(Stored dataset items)
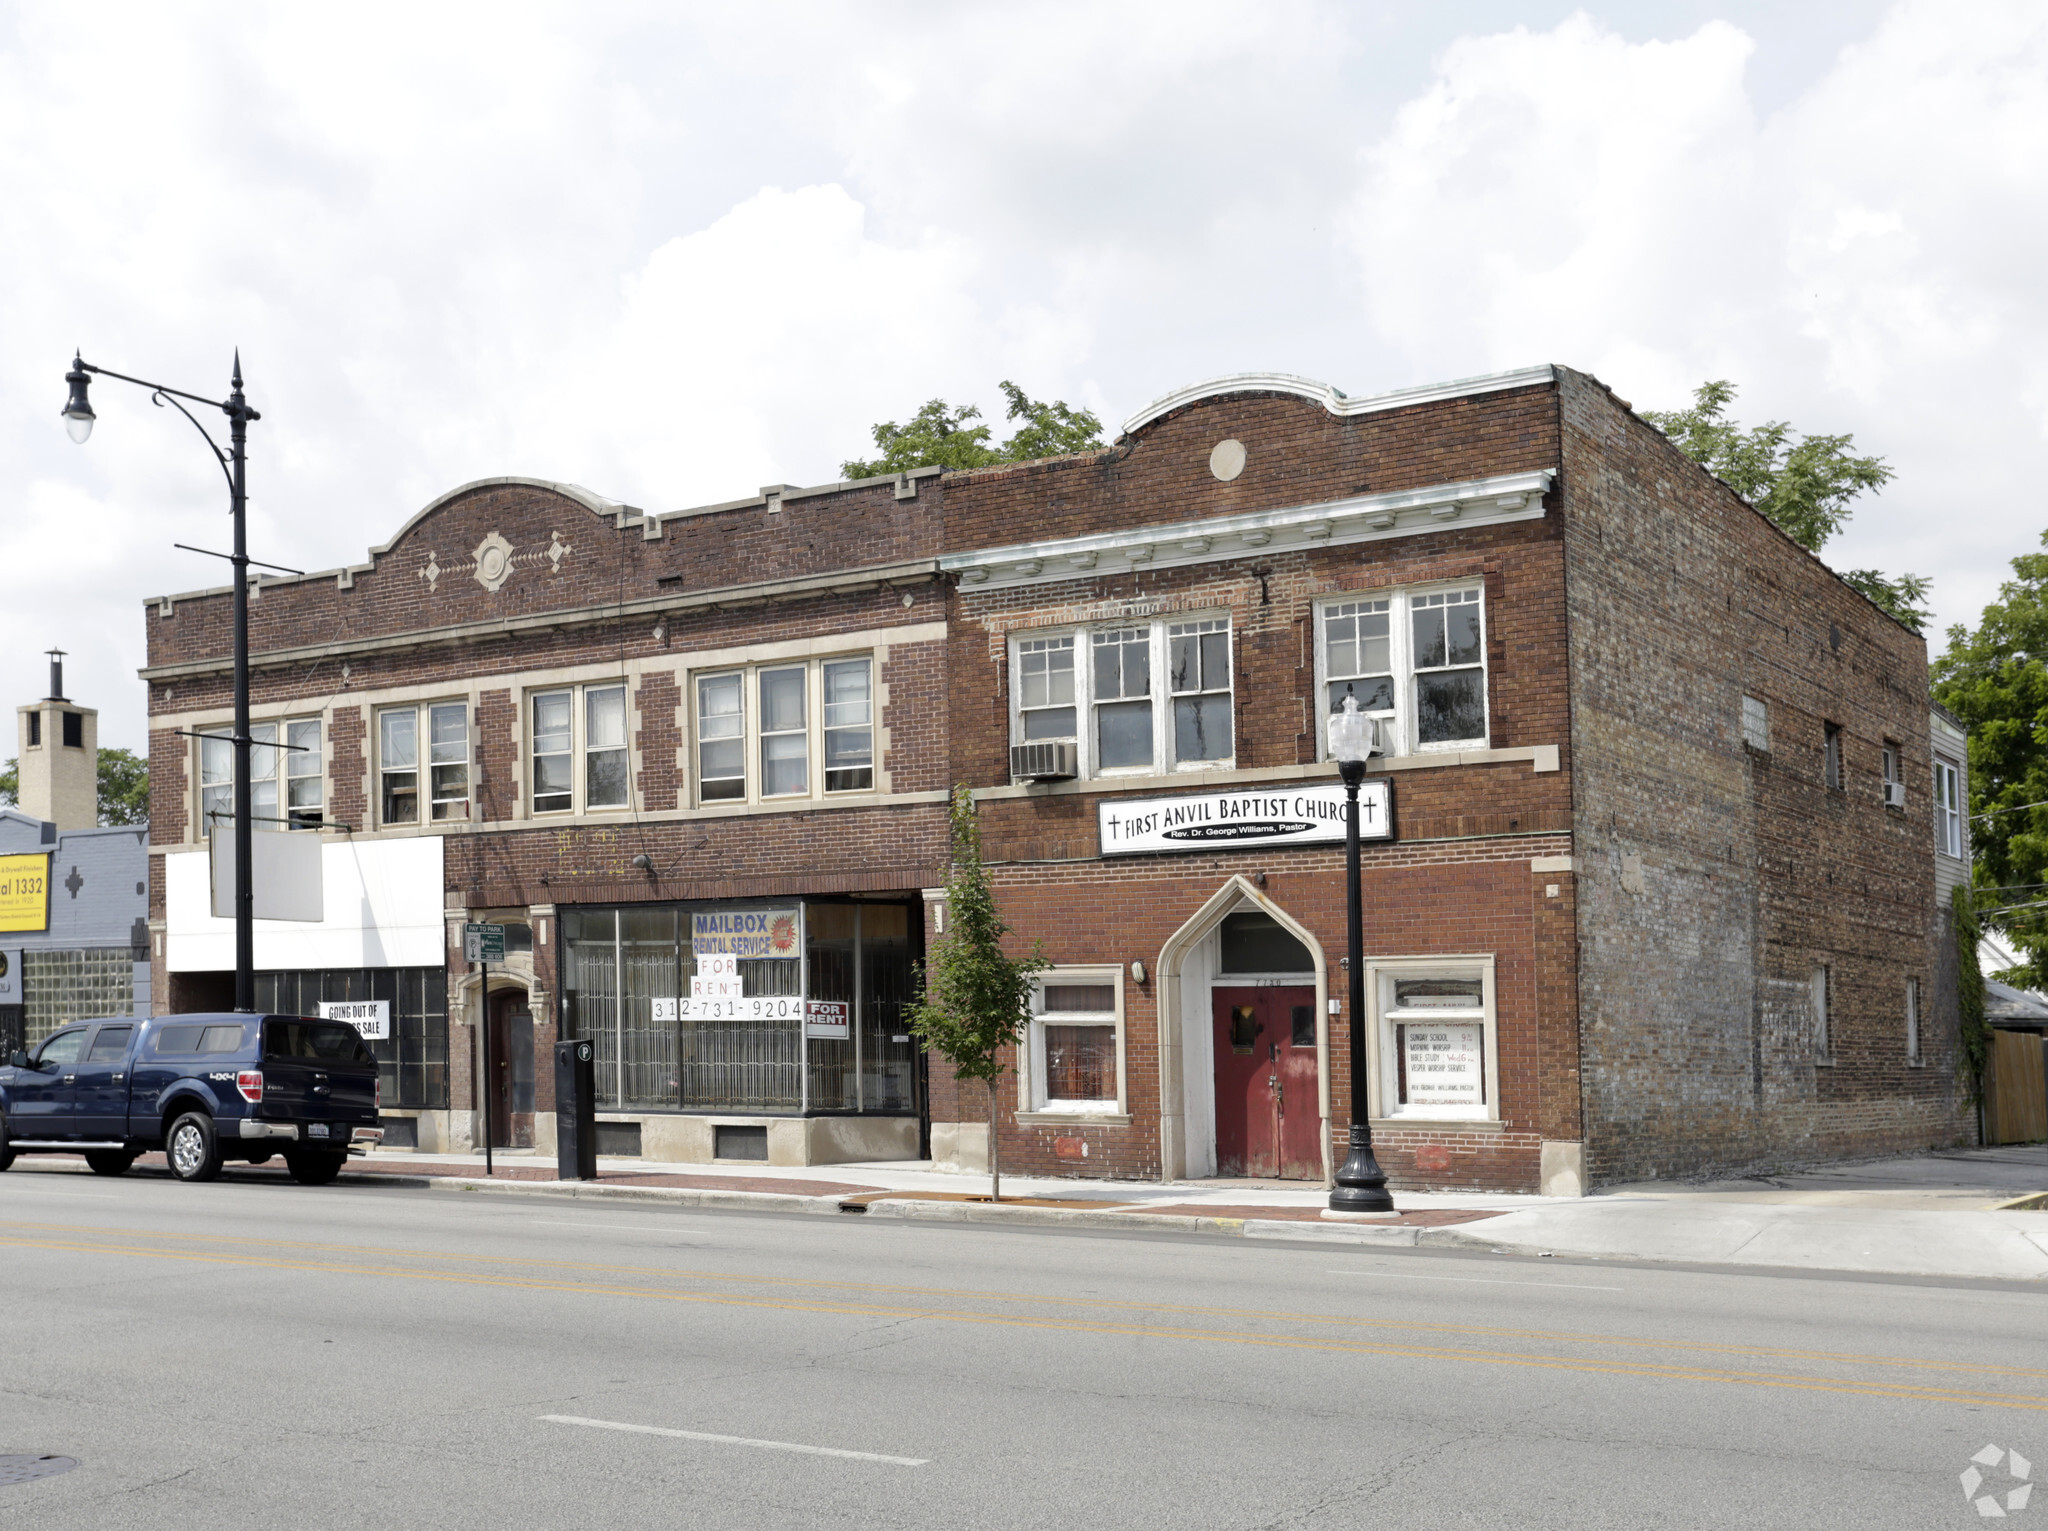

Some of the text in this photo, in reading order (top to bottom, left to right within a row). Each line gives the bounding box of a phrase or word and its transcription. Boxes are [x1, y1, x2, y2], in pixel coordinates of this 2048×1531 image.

[1126, 798, 1347, 839] FIRST ANVIL BAPTIST CHURC
[1206, 828, 1236, 836] George
[1279, 823, 1306, 832] Pastor
[16, 878, 42, 894] 1332
[696, 914, 768, 934] MAILBOX
[694, 936, 770, 955] RENTAL SERVICE
[702, 960, 734, 973] FOR
[694, 982, 740, 995] RENT
[329, 1004, 377, 1019] GOING OUT OF
[811, 1004, 840, 1014] FOR
[807, 1014, 844, 1024] RENT
[363, 1022, 380, 1034] SALE
[1410, 1034, 1428, 1042] SUNDAY
[1430, 1034, 1448, 1042] SCHOOL
[1410, 1054, 1422, 1062] BIBLE
[1425, 1054, 1440, 1062] STUDY
[1428, 1064, 1445, 1072] WORSHIP
[1448, 1064, 1466, 1072] SERVICE

TASK DESCRIPTION:
Repeat the records above exactly, leaving out the pictures.

TASK RESULT:
Some of the text in this photo, in reading order (top to bottom, left to right within a row). Each line gives the bounding box of a phrase or word and its transcription. Boxes are [x1, y1, x2, y2], in pixel coordinates of this 2048×1531 image.

[1126, 798, 1347, 839] FIRST ANVIL BAPTIST CHURC
[1206, 828, 1236, 836] George
[1279, 823, 1306, 832] Pastor
[16, 878, 42, 894] 1332
[696, 914, 768, 934] MAILBOX
[694, 936, 770, 955] RENTAL SERVICE
[702, 960, 734, 973] FOR
[694, 982, 740, 995] RENT
[329, 1004, 377, 1019] GOING OUT OF
[811, 1004, 840, 1014] FOR
[807, 1014, 844, 1024] RENT
[363, 1022, 380, 1034] SALE
[1410, 1034, 1428, 1042] SUNDAY
[1430, 1034, 1448, 1042] SCHOOL
[1410, 1054, 1422, 1062] BIBLE
[1425, 1054, 1440, 1062] STUDY
[1428, 1064, 1445, 1072] WORSHIP
[1448, 1064, 1466, 1072] SERVICE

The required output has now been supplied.